# Your instructions
What you return must match the records word for word, except that pictures are dropped.

# Dataset excerpts
◆ ◆ ◆ ◆ ◆

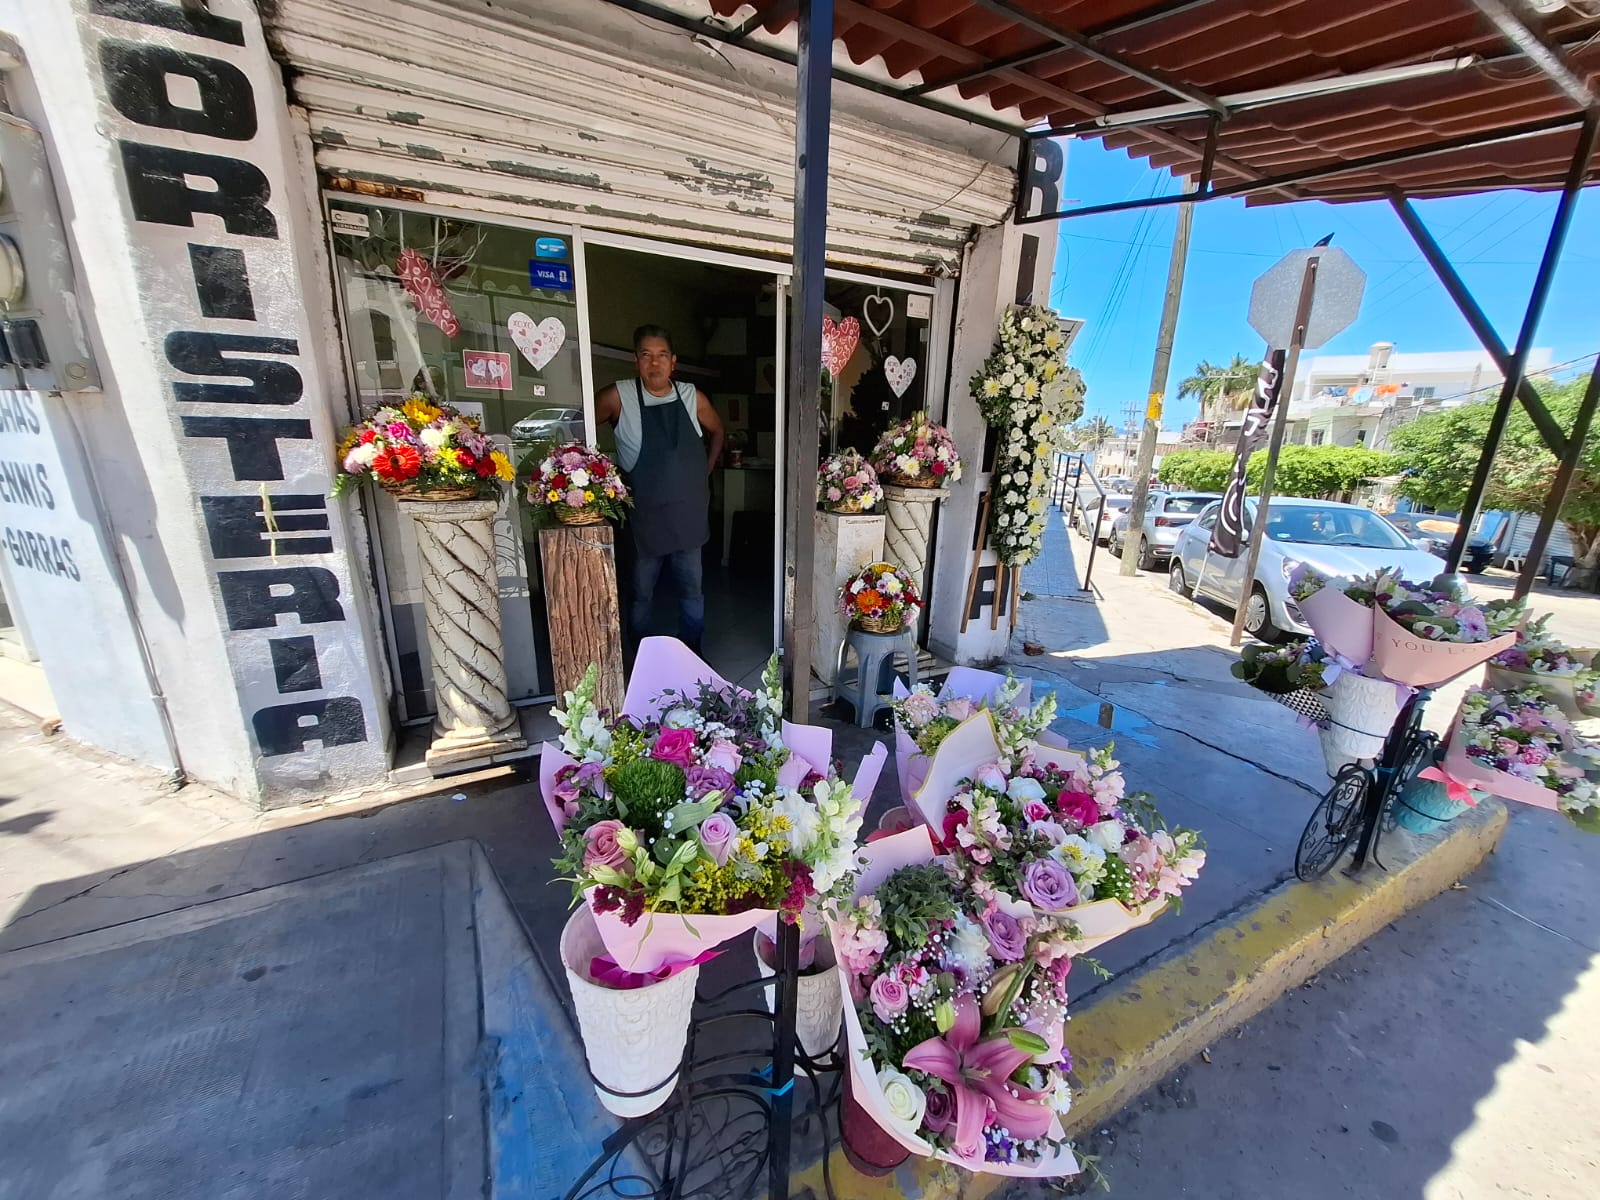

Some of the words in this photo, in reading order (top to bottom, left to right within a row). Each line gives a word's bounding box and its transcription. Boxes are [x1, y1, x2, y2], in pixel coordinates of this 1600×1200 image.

[537, 270, 555, 279] VISA
[0, 390, 41, 435] HAS
[1391, 638, 1433, 654] YOU
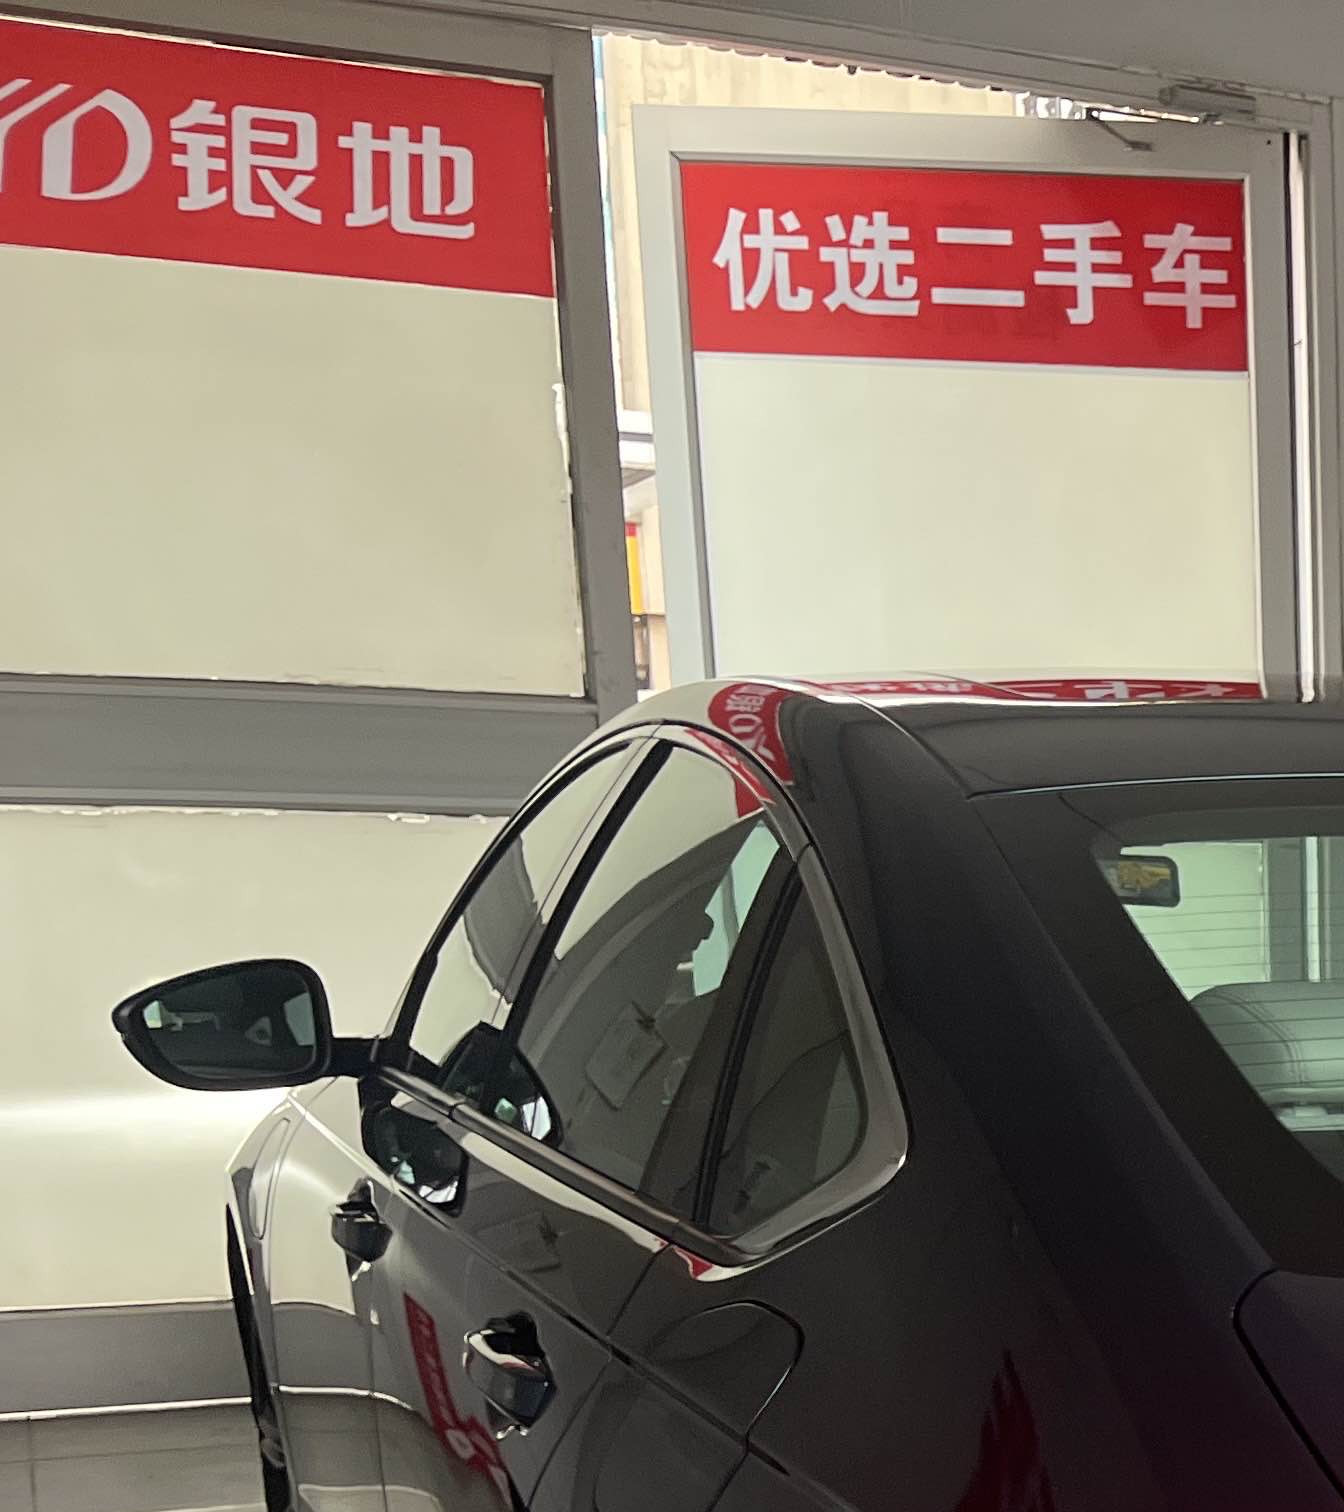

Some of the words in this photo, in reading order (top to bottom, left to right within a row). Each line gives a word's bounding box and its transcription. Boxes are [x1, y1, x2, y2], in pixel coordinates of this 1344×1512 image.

[169, 98, 476, 240] 银地
[712, 206, 1237, 329] 优选二手车
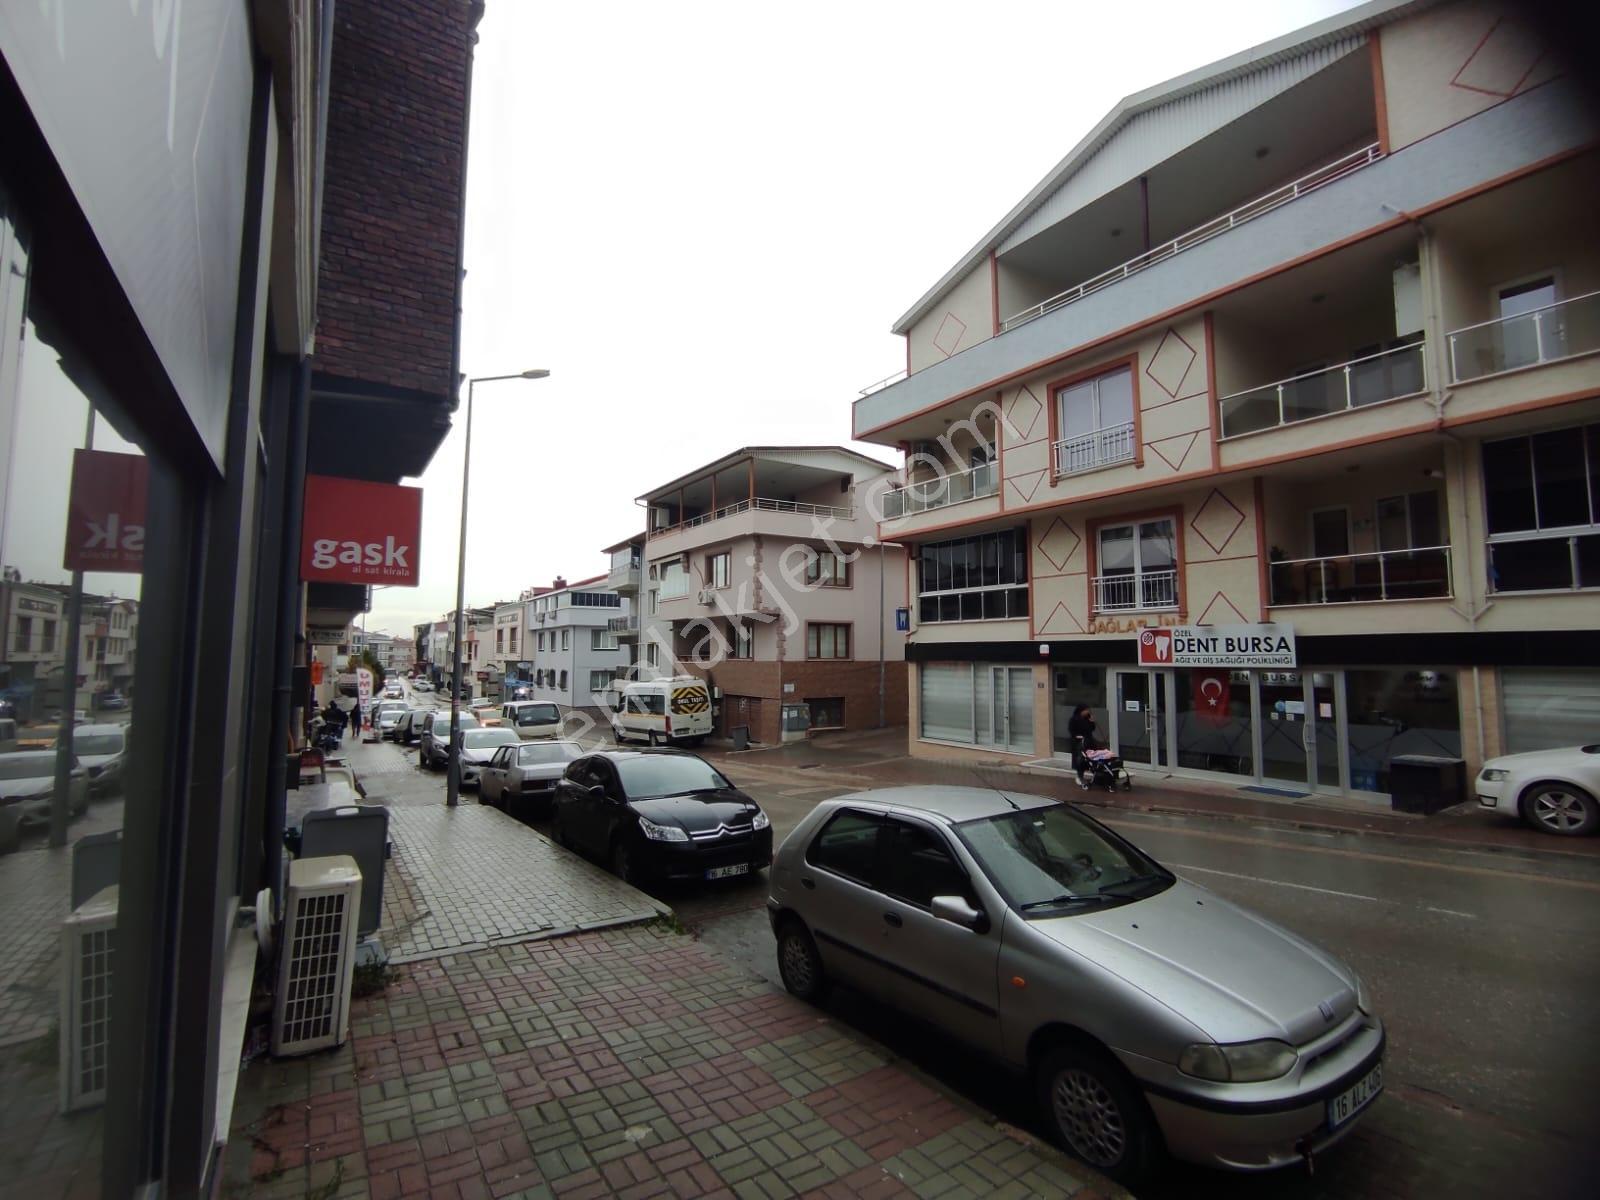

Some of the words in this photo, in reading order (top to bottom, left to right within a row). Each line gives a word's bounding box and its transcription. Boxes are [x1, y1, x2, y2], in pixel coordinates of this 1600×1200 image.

[312, 535, 409, 569] gask
[1174, 629, 1192, 637] ÖZEL
[1174, 638, 1219, 653] DENT
[1226, 636, 1291, 653] BURSA
[1192, 656, 1201, 664] VE
[1336, 1095, 1348, 1119] 16

◆ ◆ ◆ ◆ ◆

# Output for this task
Some of the words in this photo, in reading order (top to bottom, left to right within a row). Each line gives a word's bounding box and its transcription. Boxes are [x1, y1, x2, y2], in pixel coordinates of this 1600×1200 image.

[537, 270, 555, 279] VISA
[0, 390, 41, 435] HAS
[1391, 638, 1433, 654] YOU

Some of the words in this photo, in reading order (top to bottom, left to right within a row). Each line gives a word's bounding box and its transcription. Boxes are [x1, y1, x2, y2], in pixel coordinates of this 1344×1512 image.

[169, 98, 476, 240] 银地
[712, 206, 1237, 329] 优选二手车

Some of the words in this photo, in reading order (top to bottom, left to right within a row). Each line gives a word's bounding box and its transcription. Boxes are [x1, y1, x2, y2], in pixel coordinates of this 1600×1200 image.

[312, 535, 409, 569] gask
[1174, 629, 1192, 637] ÖZEL
[1174, 638, 1219, 653] DENT
[1226, 636, 1291, 653] BURSA
[1192, 656, 1201, 664] VE
[1336, 1095, 1348, 1119] 16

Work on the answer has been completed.